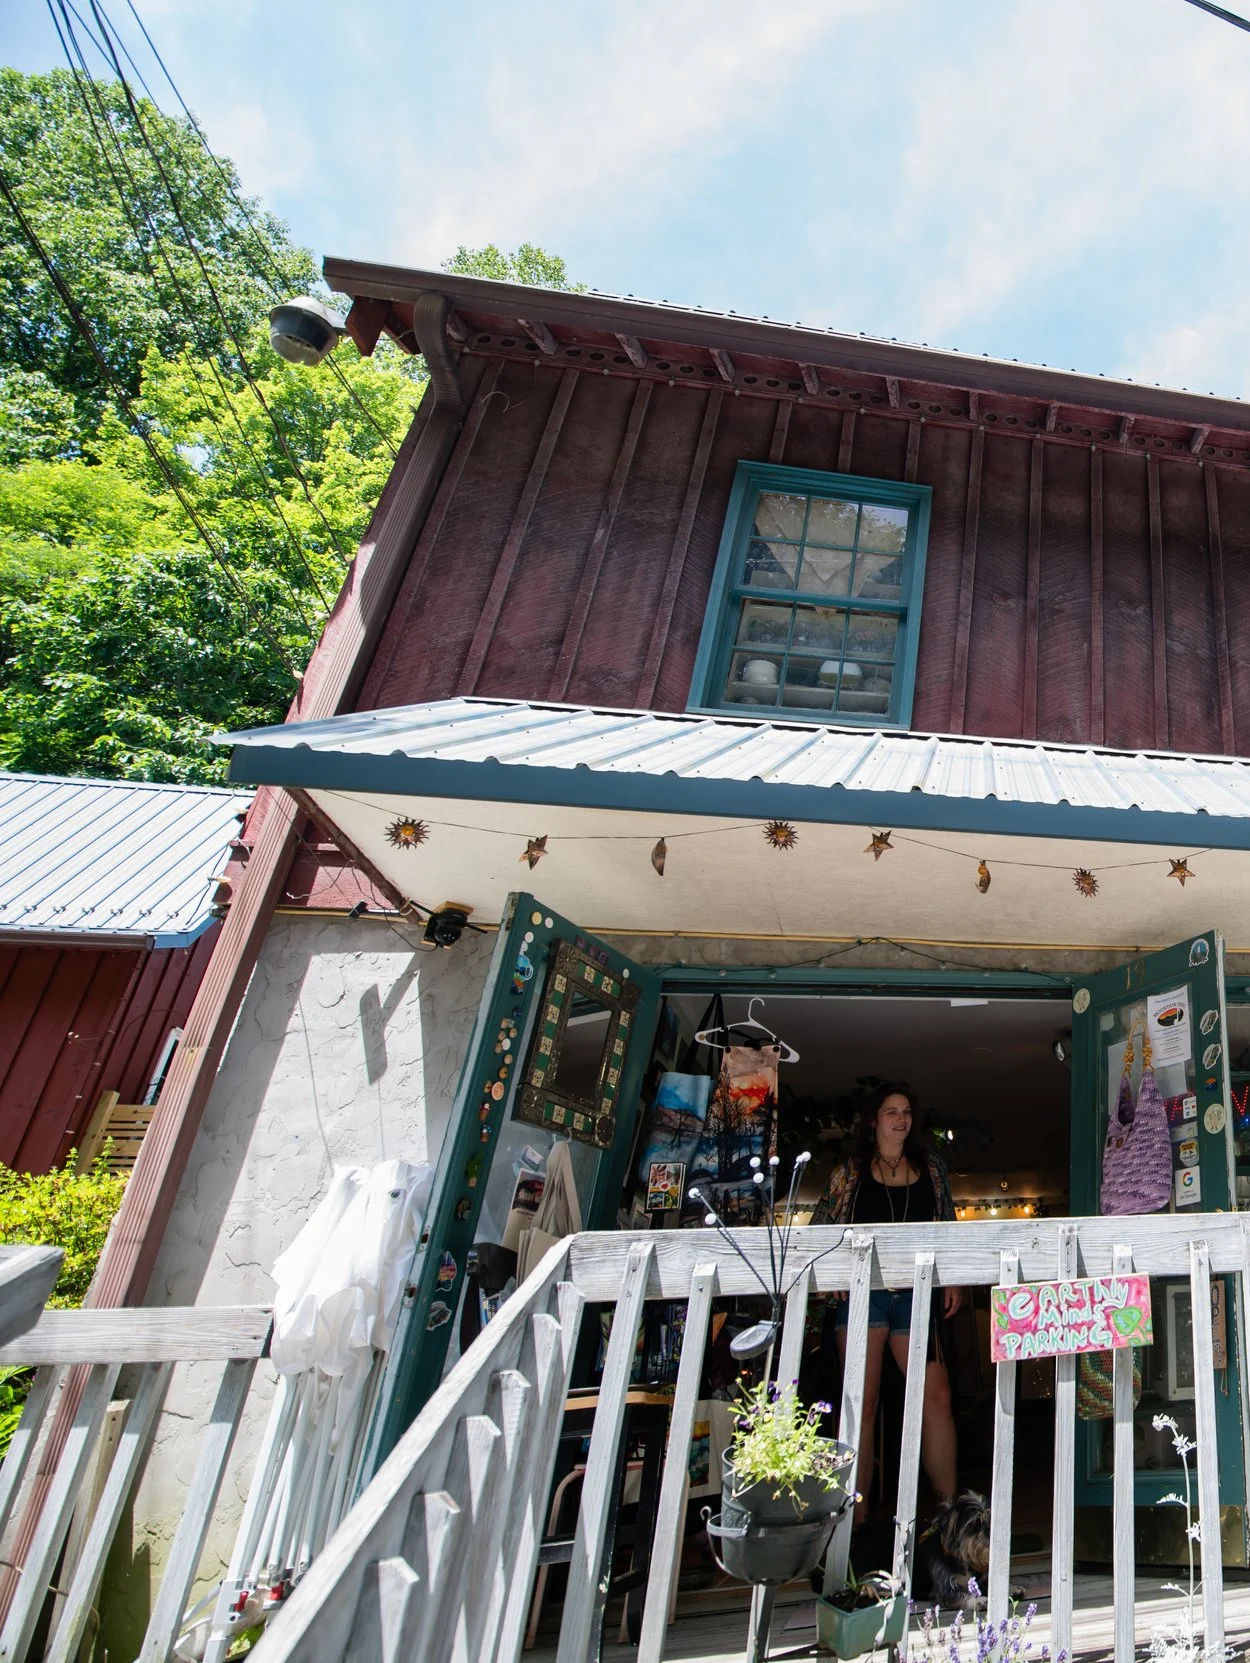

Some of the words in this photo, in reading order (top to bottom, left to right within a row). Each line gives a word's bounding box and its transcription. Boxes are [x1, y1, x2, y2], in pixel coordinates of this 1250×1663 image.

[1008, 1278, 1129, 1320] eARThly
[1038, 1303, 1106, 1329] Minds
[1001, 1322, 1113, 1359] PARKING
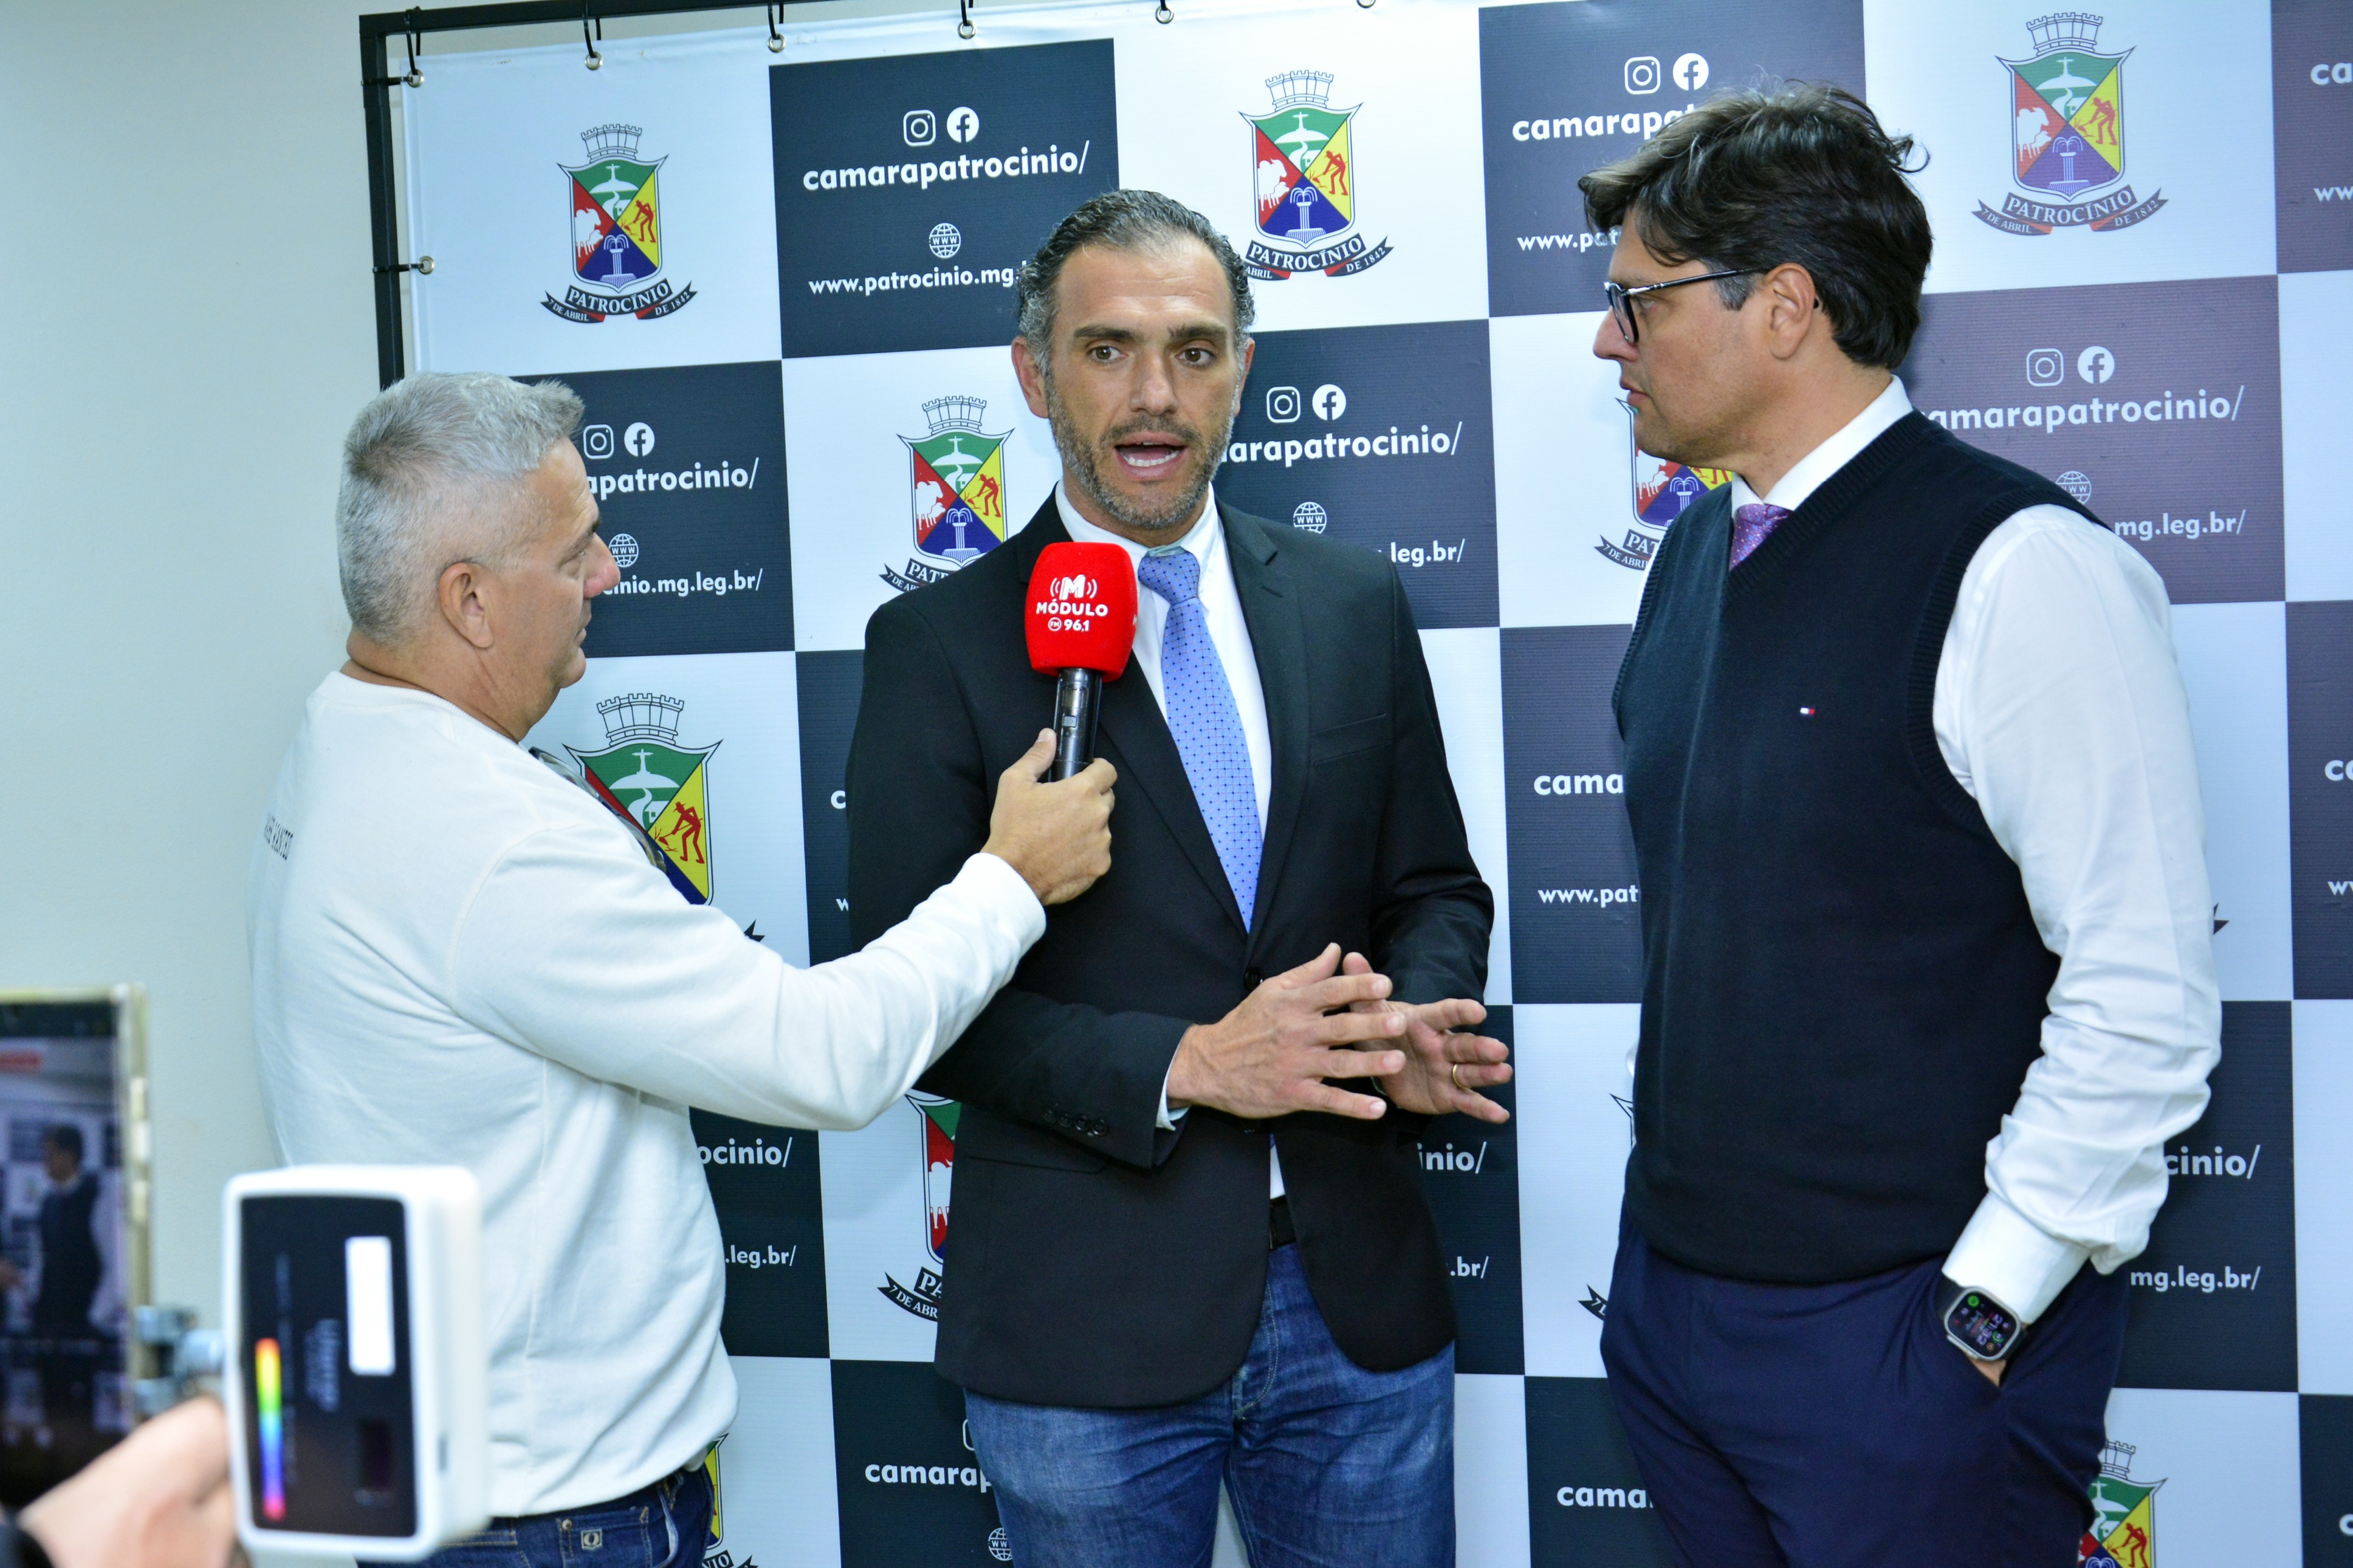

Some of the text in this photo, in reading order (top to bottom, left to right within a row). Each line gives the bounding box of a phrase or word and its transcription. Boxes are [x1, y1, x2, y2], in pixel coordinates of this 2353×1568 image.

******************************

> **What this task involves**: Wherever a picture appears in the records, omit it, and transcribe everything else exactly.

> **Answer for the task**:
Some of the words in this photo, in reading order (top to bottom, left to right within a row). Each line gives a word's bounding box and its transcription. Boxes are [x1, y1, x2, y2], in pixel coordinates of this 1250×1663 image.

[1008, 1278, 1129, 1320] eARThly
[1038, 1303, 1106, 1329] Minds
[1001, 1322, 1113, 1359] PARKING

Some of the text in this photo, in reading order (top to bottom, left to right within a row). Each line gives the bounding box of a phrase or word and its transcription. Boxes are [x1, y1, x2, y2], in pixel coordinates of this 2353×1568 image.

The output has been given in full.